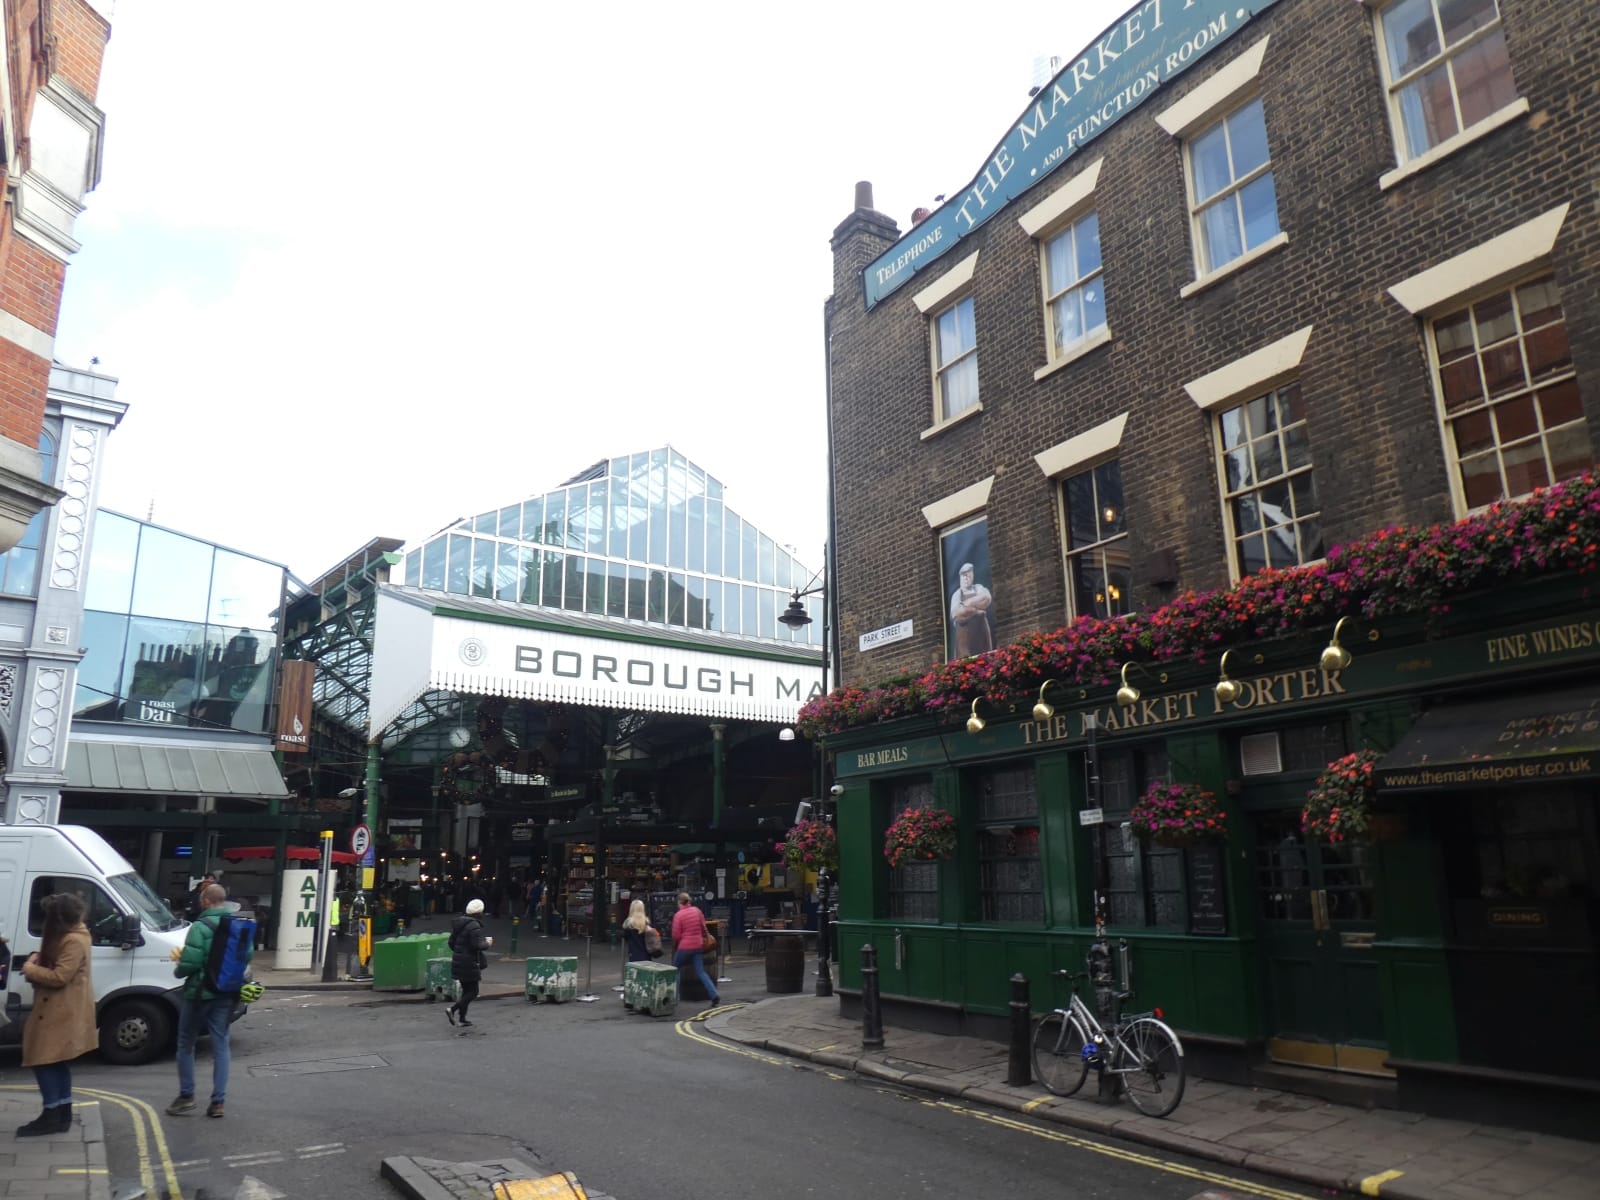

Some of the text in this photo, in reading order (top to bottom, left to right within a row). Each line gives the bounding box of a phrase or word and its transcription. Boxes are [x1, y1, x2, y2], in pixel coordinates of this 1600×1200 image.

[1042, 12, 1228, 168] AND FUNCTION ROOM
[954, 0, 1165, 229] THE MARKET
[876, 225, 943, 286] TELEPHONE
[863, 632, 879, 645] PARK
[881, 624, 901, 640] STREET
[1487, 634, 1529, 663] FINE
[1531, 622, 1593, 655] WINES
[515, 645, 754, 697] BOROUGH
[140, 700, 177, 722] bar
[1019, 715, 1068, 744] THE
[857, 753, 876, 768] BAR
[877, 746, 909, 765] MEALS
[1384, 758, 1592, 787] www.themarketporter.co.uk
[296, 875, 317, 928] ATM
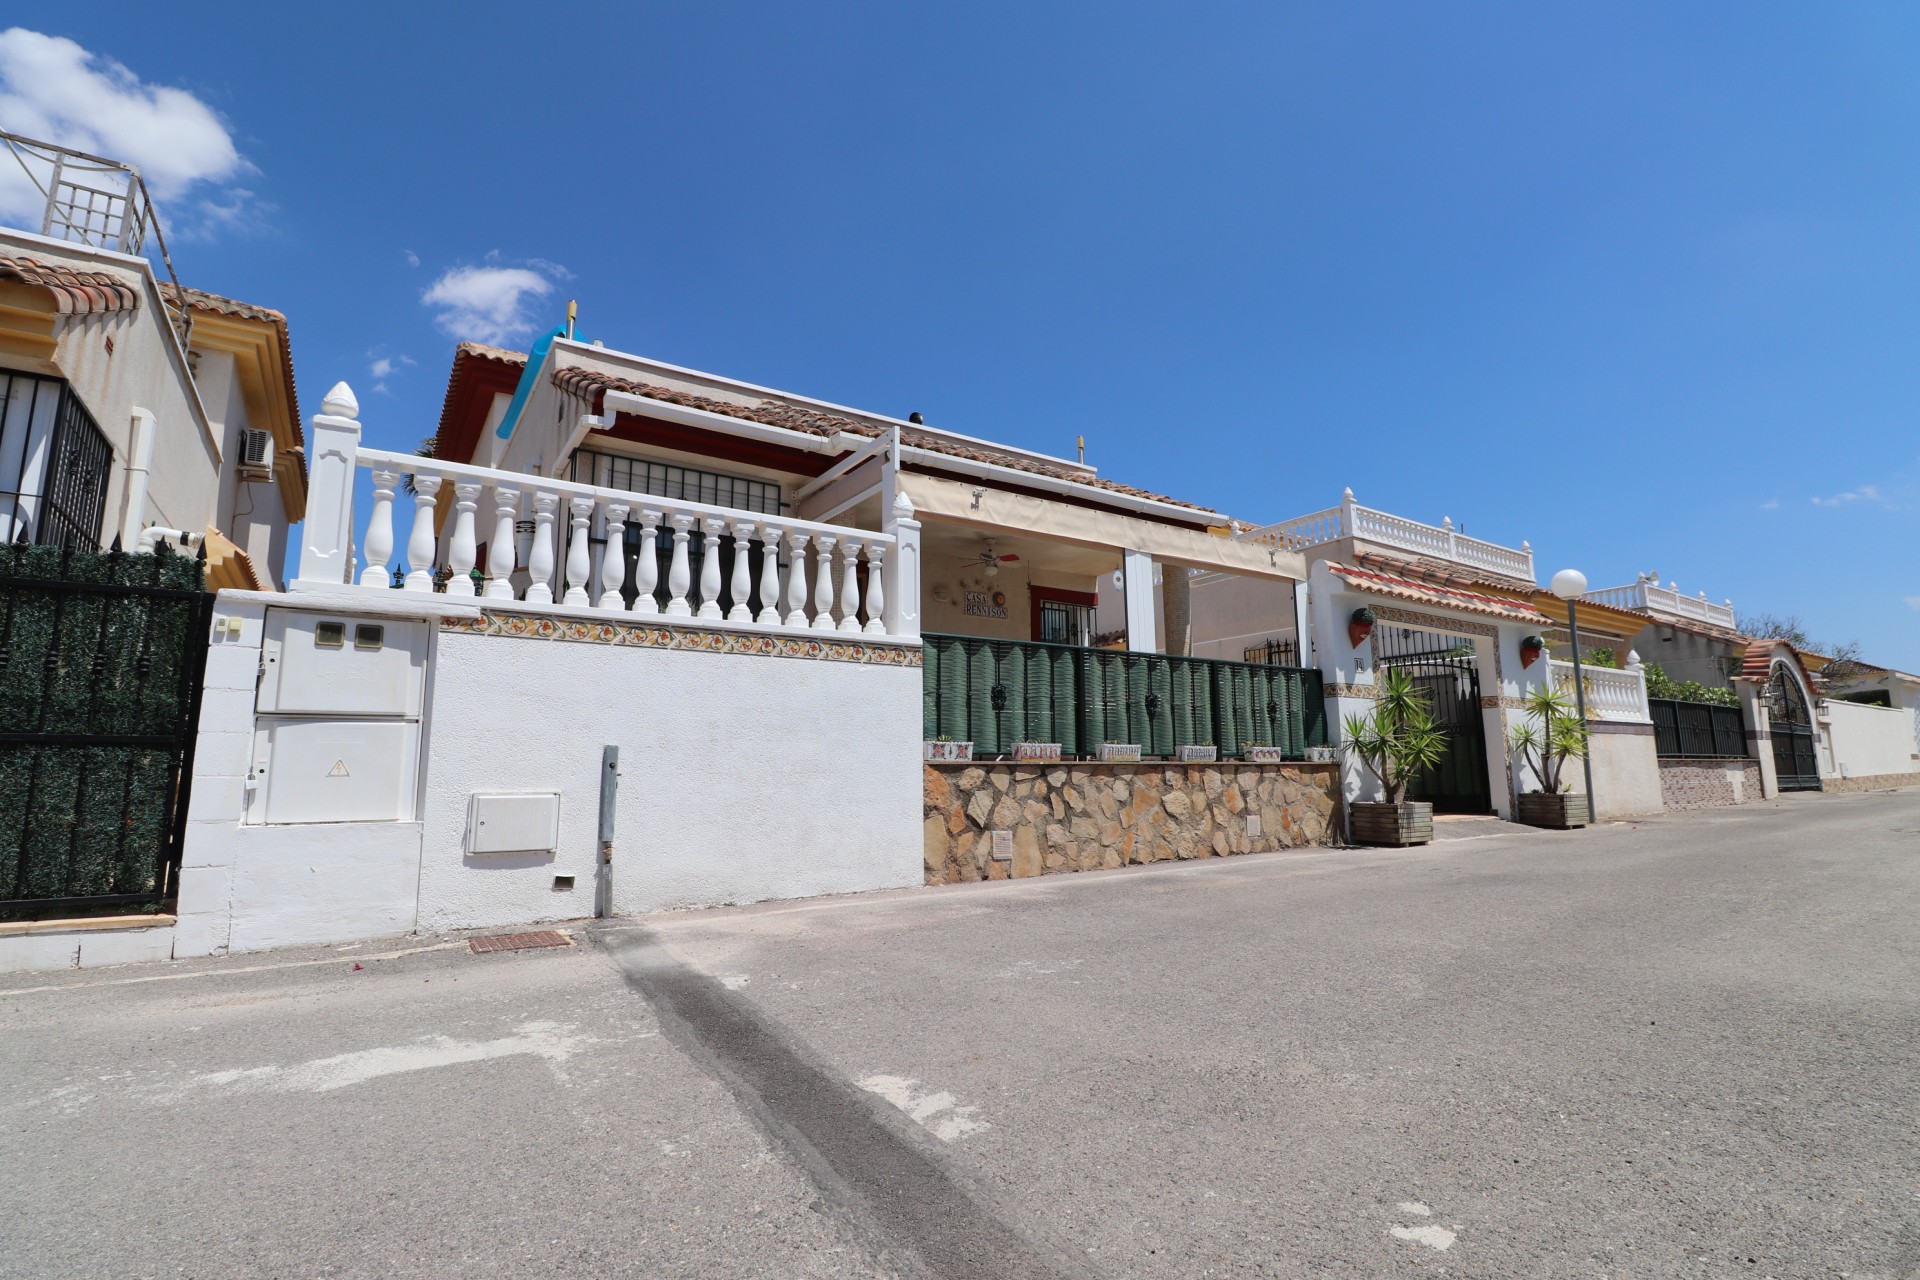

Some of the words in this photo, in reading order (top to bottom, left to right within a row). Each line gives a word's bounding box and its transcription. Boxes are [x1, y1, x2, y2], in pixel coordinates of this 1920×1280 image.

[966, 593, 986, 602] CASA
[966, 604, 1006, 617] RENNISON
[1355, 659, 1363, 671] 14
☆ ☆ ☆ ☆
- _DIRECTIONS_
In the entries above, copy the lines from the one that contains "Some of the words" through the last line, exactly as they appear.

- _ANSWER BOX_
Some of the words in this photo, in reading order (top to bottom, left to right within a row). Each line gives a word's bounding box and its transcription. Boxes are [x1, y1, x2, y2], in pixel coordinates of this 1920×1280 image.

[966, 593, 986, 602] CASA
[966, 604, 1006, 617] RENNISON
[1355, 659, 1363, 671] 14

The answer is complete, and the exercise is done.